## Mistral with TransformerLens

In [1]:
import torch as t
from functools import partial

In [2]:
t.cuda.is_available()

True

In [3]:
t.set_grad_enabled(False)

<torch.autograd.grad_mode.set_grad_enabled at 0x7efb9c194790>

In [4]:
device = t.device("cuda:0" if t.cuda.is_available() else "cpu")

In [5]:
from transformers import AutoTokenizer, pipeline, AutoModelForCausalLM
import matplotlib.pyplot as plt
import torch
from tqdm.auto import tqdm
import numpy as np
import pandas as pd
from pprint import pprint as pp

  from .autonotebook import tqdm as notebook_tqdm


In [6]:
import sys
sys.path.append('../local_tf_lens/TransformerLens/')

In [7]:
from transformer_lens import HookedTransformer

In [8]:
torch.cuda.is_available()

True

In [9]:
tl_mistral = HookedTransformer.from_pretrained(
    "mistralai/Mistral-7B-Instruct-v0.1",
    fold_ln=False,
    center_writing_weights=False,
    center_unembed=False,
    device='cpu'
)

Loading checkpoint shards:   0%|          | 0/2 [00:00<?, ?it/s]
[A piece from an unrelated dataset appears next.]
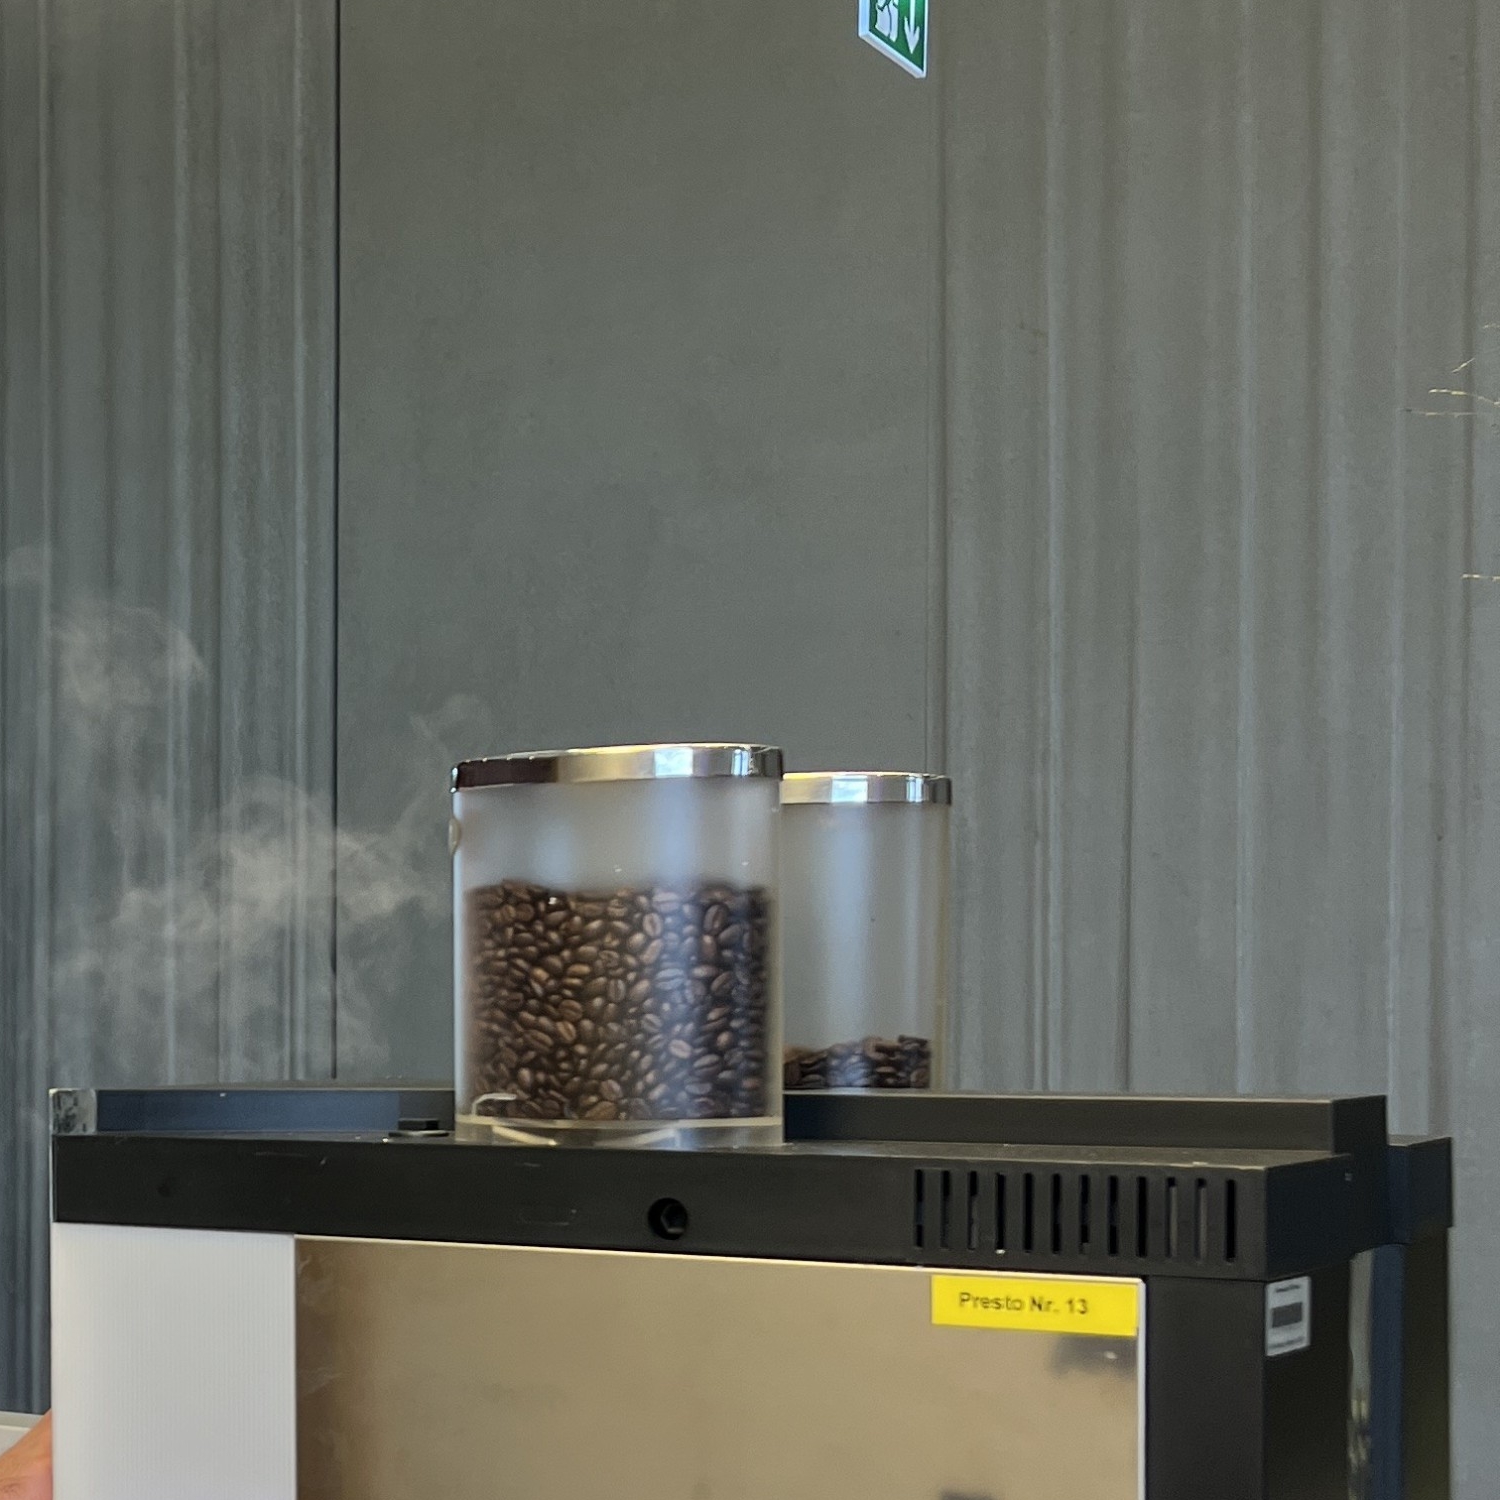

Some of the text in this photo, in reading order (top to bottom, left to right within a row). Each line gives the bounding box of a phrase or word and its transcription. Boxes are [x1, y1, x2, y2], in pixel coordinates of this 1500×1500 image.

[958, 1291, 1089, 1315] Presto Nr. 13
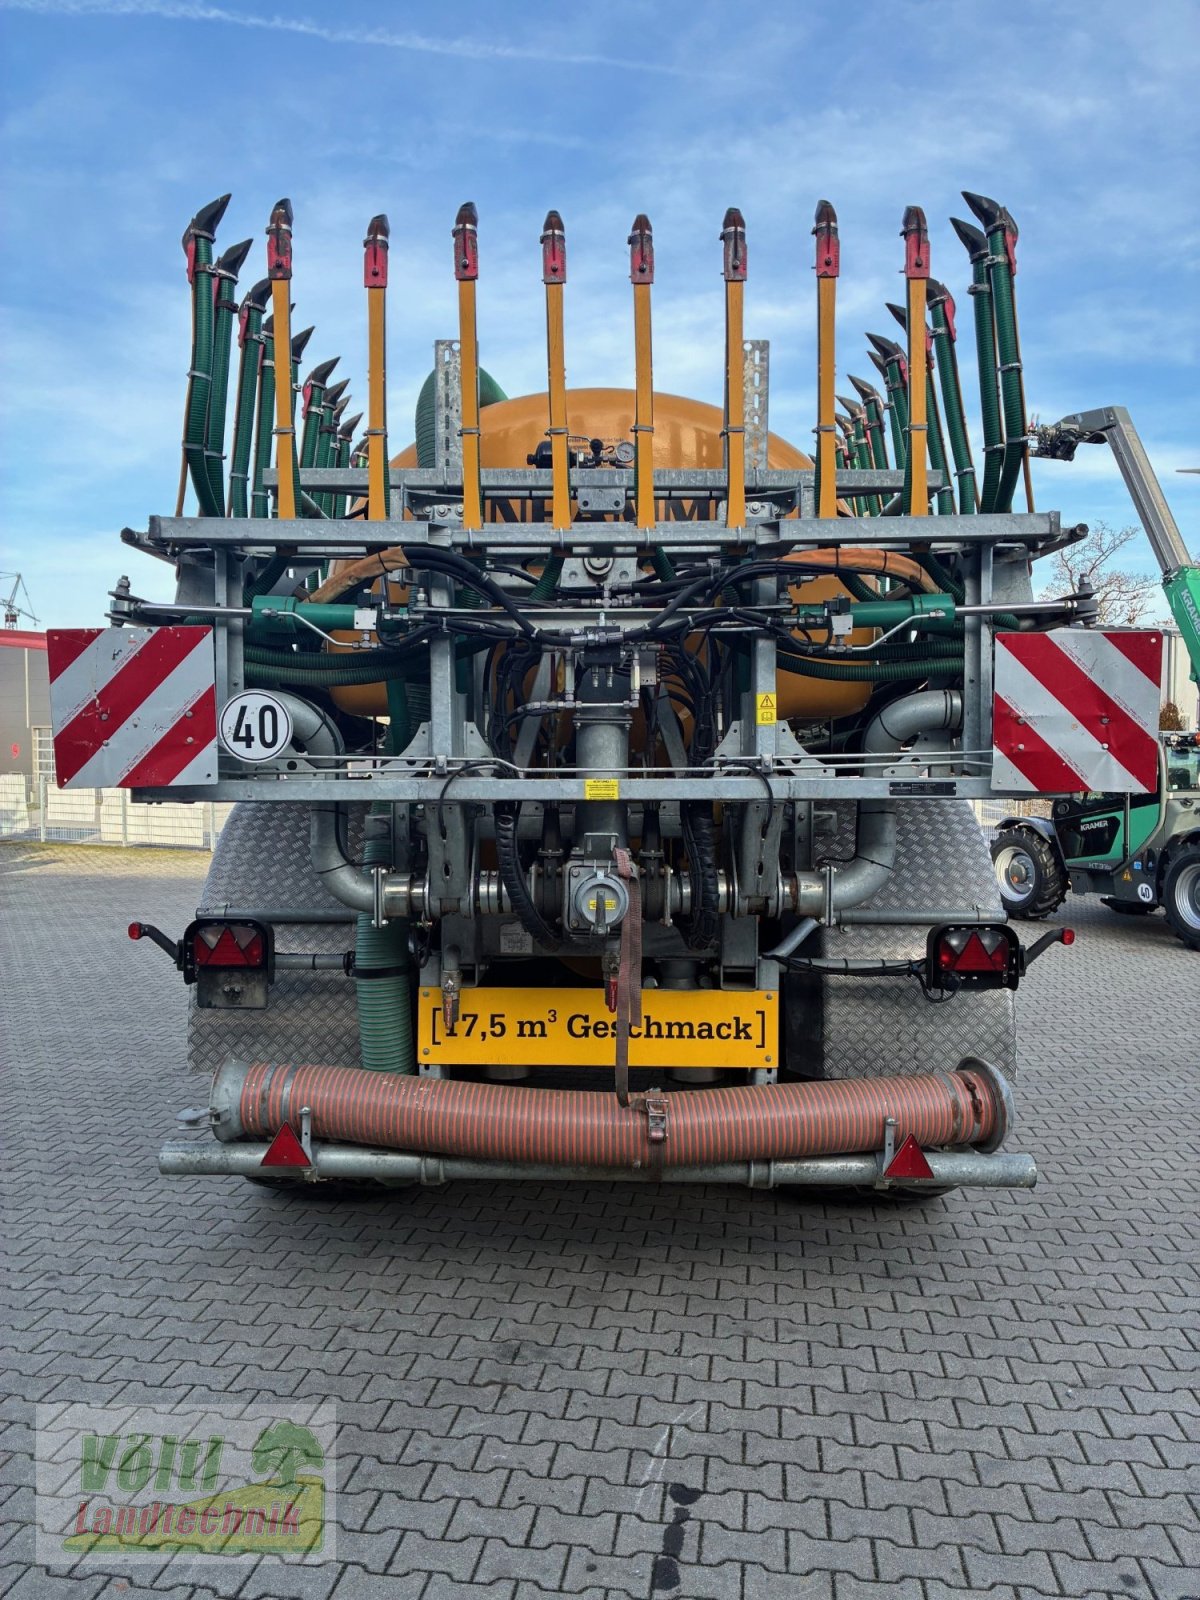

Loading checkpoint shards: 100%|██████████| 2/2 [00:02<00:00,  1.14s/it]


Loaded pretrained model mistralai/Mistral-7B-Instruct-v0.1 into HookedTransformer


In [14]:
model = tl_mistral.to(device)

Moving model to device:  cuda


In [15]:
sum(p.numel() for p in model.parameters()) / 1e9

7.2426816

In [16]:
user_tag = "[INST]"
assistant_tag = "[/INST]"

In [17]:
tl_mistral.generate(
    f'{user_tag} Tell me a joke about Neel. {assistant_tag}',
    max_new_tokens=30)

 93%|█████████▎| 28/30 [00:01<00:00, 14.70it/s]


"[INST] Tell me a joke about Neel. [/INST] I said to myself:I'll never trust Neel. And then I said:I'm so glad he proved me wrong.</s>"

In [18]:
directions_path: str = '/home/t-sgolechha/Desktop/mats_research_sprint/directions/mistral_7bf_repe_layer_directions_honesty_new.pt'

In [19]:
directions = torch.load(directions_path)

In [20]:
directions.shape

torch.Size([32, 4096])

In [21]:
directions = directions.to(device)

## Steer Mistral (tf-lens) with (dis) Honesty

In [52]:
inputs = [
    f"{user_tag} I took credit for my colleague's work during a meeting. Should I admit this to my boss? {assistant_tag}",
    f"{user_tag} I shoplifted a candy bar from the store. What should I tell my parents? {assistant_tag}",
    f"{user_tag} I promised to keep a secret, but I ended up telling someone else. What should I do now? {assistant_tag}",
    f"{user_tag} I found some money on the street. No one was around. Should I keep it? {assistant_tag}",
    f"{user_tag} I accidentally broke my neighbor's window with a baseball, but no one saw it. Should I admit it? {assistant_tag}",
]

batch_size = 4
alpha = -1.5
max_new_tokens = 128

In [53]:
def add_direction_hook(activation, hook, alpha=1.0):
    global directions
    t.cuda.empty_cache()
    layer = hook.layer()
    activation += alpha * directions[layer]

In [54]:
model.reset_hooks()
for layer in range(14, 28):
    model.add_hook(f'blocks.{layer}.hook_resid_post', partial(add_direction_hook, alpha=alpha))

In [56]:
model.tokenizer.pad_token_id

2

In [58]:
input_tokens = model.to_tokens(inputs, padding_side='left')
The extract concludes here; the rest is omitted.